When you print the records, keep every line identical to the original.

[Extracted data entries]
#####

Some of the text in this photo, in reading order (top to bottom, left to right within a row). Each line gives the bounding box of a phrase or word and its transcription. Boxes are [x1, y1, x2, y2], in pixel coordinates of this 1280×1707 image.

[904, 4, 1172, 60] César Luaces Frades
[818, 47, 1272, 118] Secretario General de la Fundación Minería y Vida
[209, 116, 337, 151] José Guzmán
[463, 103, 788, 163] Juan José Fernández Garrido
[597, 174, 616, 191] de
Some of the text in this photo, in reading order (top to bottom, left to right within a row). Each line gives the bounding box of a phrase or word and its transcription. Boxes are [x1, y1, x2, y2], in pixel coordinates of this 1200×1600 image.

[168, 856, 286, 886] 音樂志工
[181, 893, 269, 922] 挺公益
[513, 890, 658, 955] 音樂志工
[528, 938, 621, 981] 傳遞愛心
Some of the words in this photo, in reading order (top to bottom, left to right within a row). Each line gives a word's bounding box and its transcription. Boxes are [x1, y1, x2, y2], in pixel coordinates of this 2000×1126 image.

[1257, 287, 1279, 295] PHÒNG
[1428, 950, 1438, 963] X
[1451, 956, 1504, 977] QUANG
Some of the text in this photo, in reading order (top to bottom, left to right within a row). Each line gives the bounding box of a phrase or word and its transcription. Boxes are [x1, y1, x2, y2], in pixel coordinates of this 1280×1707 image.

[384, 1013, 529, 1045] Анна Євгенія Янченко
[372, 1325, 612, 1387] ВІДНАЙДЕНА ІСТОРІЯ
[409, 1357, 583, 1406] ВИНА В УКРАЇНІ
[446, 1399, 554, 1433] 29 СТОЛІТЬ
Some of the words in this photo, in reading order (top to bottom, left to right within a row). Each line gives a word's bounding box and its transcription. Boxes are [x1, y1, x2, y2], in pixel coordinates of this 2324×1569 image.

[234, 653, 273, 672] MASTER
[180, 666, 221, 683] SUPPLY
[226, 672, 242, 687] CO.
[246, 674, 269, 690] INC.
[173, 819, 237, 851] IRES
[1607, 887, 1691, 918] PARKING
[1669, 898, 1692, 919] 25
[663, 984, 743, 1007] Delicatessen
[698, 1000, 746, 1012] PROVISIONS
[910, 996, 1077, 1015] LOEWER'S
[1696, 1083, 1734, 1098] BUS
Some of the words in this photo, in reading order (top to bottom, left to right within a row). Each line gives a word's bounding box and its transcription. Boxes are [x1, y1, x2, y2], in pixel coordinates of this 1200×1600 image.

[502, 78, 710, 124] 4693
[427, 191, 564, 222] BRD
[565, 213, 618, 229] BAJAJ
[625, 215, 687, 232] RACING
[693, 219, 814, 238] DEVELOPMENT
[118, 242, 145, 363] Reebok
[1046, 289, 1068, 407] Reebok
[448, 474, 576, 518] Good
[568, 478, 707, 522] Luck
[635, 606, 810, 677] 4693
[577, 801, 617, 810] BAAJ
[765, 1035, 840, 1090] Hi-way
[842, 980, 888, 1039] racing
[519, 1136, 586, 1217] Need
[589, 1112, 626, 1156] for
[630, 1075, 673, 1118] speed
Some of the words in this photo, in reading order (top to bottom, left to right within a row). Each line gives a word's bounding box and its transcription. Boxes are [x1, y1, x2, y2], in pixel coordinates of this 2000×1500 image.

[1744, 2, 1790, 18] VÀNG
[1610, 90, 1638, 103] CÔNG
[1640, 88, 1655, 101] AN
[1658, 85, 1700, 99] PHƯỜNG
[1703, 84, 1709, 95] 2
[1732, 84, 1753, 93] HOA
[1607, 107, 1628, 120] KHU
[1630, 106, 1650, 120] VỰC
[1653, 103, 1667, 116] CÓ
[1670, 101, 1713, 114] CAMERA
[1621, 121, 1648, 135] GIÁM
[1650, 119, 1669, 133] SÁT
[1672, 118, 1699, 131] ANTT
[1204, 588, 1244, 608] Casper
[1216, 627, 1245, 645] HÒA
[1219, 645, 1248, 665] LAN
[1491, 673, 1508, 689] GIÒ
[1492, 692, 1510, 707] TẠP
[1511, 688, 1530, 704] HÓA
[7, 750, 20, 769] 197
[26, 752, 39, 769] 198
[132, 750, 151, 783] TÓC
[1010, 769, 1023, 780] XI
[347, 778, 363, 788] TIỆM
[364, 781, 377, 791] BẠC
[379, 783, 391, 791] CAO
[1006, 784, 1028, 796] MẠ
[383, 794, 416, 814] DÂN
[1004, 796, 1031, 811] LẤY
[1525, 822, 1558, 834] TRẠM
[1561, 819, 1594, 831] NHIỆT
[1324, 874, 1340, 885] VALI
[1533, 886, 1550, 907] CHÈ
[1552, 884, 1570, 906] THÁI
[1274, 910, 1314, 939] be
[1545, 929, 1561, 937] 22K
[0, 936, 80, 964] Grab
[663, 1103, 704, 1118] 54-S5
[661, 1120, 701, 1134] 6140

#####

- Answer to this problem:
Some of the text in this photo, in reading order (top to bottom, left to right within a row). Each line gives the bounding box of a phrase or word and its transcription. Boxes are [x1, y1, x2, y2], in pixel coordinates of this 1280×1707 image.

[904, 4, 1172, 60] César Luaces Frades
[818, 47, 1272, 118] Secretario General de la Fundación Minería y Vida
[209, 116, 337, 151] José Guzmán
[463, 103, 788, 163] Juan José Fernández Garrido
[597, 174, 616, 191] de
Some of the text in this photo, in reading order (top to bottom, left to right within a row). Each line gives the bounding box of a phrase or word and its transcription. Boxes are [x1, y1, x2, y2], in pixel coordinates of this 1200×1600 image.

[168, 856, 286, 886] 音樂志工
[181, 893, 269, 922] 挺公益
[513, 890, 658, 955] 音樂志工
[528, 938, 621, 981] 傳遞愛心
Some of the words in this photo, in reading order (top to bottom, left to right within a row). Each line gives a word's bounding box and its transcription. Boxes are [x1, y1, x2, y2], in pixel coordinates of this 2000×1126 image.

[1257, 287, 1279, 295] PHÒNG
[1428, 950, 1438, 963] X
[1451, 956, 1504, 977] QUANG
Some of the text in this photo, in reading order (top to bottom, left to right within a row). Each line gives the bounding box of a phrase or word and its transcription. Boxes are [x1, y1, x2, y2], in pixel coordinates of this 1280×1707 image.

[384, 1013, 529, 1045] Анна Євгенія Янченко
[372, 1325, 612, 1387] ВІДНАЙДЕНА ІСТОРІЯ
[409, 1357, 583, 1406] ВИНА В УКРАЇНІ
[446, 1399, 554, 1433] 29 СТОЛІТЬ
Some of the words in this photo, in reading order (top to bottom, left to right within a row). Each line gives a word's bounding box and its transcription. Boxes are [x1, y1, x2, y2], in pixel coordinates of this 2324×1569 image.

[234, 653, 273, 672] MASTER
[180, 666, 221, 683] SUPPLY
[226, 672, 242, 687] CO.
[246, 674, 269, 690] INC.
[173, 819, 237, 851] IRES
[1607, 887, 1691, 918] PARKING
[1669, 898, 1692, 919] 25
[663, 984, 743, 1007] Delicatessen
[698, 1000, 746, 1012] PROVISIONS
[910, 996, 1077, 1015] LOEWER'S
[1696, 1083, 1734, 1098] BUS
Some of the words in this photo, in reading order (top to bottom, left to right within a row). Each line gives a word's bounding box and its transcription. Boxes are [x1, y1, x2, y2], in pixel coordinates of this 1200×1600 image.

[502, 78, 710, 124] 4693
[427, 191, 564, 222] BRD
[565, 213, 618, 229] BAJAJ
[625, 215, 687, 232] RACING
[693, 219, 814, 238] DEVELOPMENT
[118, 242, 145, 363] Reebok
[1046, 289, 1068, 407] Reebok
[448, 474, 576, 518] Good
[568, 478, 707, 522] Luck
[635, 606, 810, 677] 4693
[577, 801, 617, 810] BAAJ
[765, 1035, 840, 1090] Hi-way
[842, 980, 888, 1039] racing
[519, 1136, 586, 1217] Need
[589, 1112, 626, 1156] for
[630, 1075, 673, 1118] speed
Some of the words in this photo, in reading order (top to bottom, left to right within a row). Each line gives a word's bounding box and its transcription. Boxes are [x1, y1, x2, y2], in pixel coordinates of this 2000×1500 image.

[1744, 2, 1790, 18] VÀNG
[1610, 90, 1638, 103] CÔNG
[1640, 88, 1655, 101] AN
[1658, 85, 1700, 99] PHƯỜNG
[1703, 84, 1709, 95] 2
[1732, 84, 1753, 93] HOA
[1607, 107, 1628, 120] KHU
[1630, 106, 1650, 120] VỰC
[1653, 103, 1667, 116] CÓ
[1670, 101, 1713, 114] CAMERA
[1621, 121, 1648, 135] GIÁM
[1650, 119, 1669, 133] SÁT
[1672, 118, 1699, 131] ANTT
[1204, 588, 1244, 608] Casper
[1216, 627, 1245, 645] HÒA
[1219, 645, 1248, 665] LAN
[1491, 673, 1508, 689] GIÒ
[1492, 692, 1510, 707] TẠP
[1511, 688, 1530, 704] HÓA
[7, 750, 20, 769] 197
[26, 752, 39, 769] 198
[132, 750, 151, 783] TÓC
[1010, 769, 1023, 780] XI
[347, 778, 363, 788] TIỆM
[364, 781, 377, 791] BẠC
[379, 783, 391, 791] CAO
[1006, 784, 1028, 796] MẠ
[383, 794, 416, 814] DÂN
[1004, 796, 1031, 811] LẤY
[1525, 822, 1558, 834] TRẠM
[1561, 819, 1594, 831] NHIỆT
[1324, 874, 1340, 885] VALI
[1533, 886, 1550, 907] CHÈ
[1552, 884, 1570, 906] THÁI
[1274, 910, 1314, 939] be
[1545, 929, 1561, 937] 22K
[0, 936, 80, 964] Grab
[663, 1103, 704, 1118] 54-S5
[661, 1120, 701, 1134] 6140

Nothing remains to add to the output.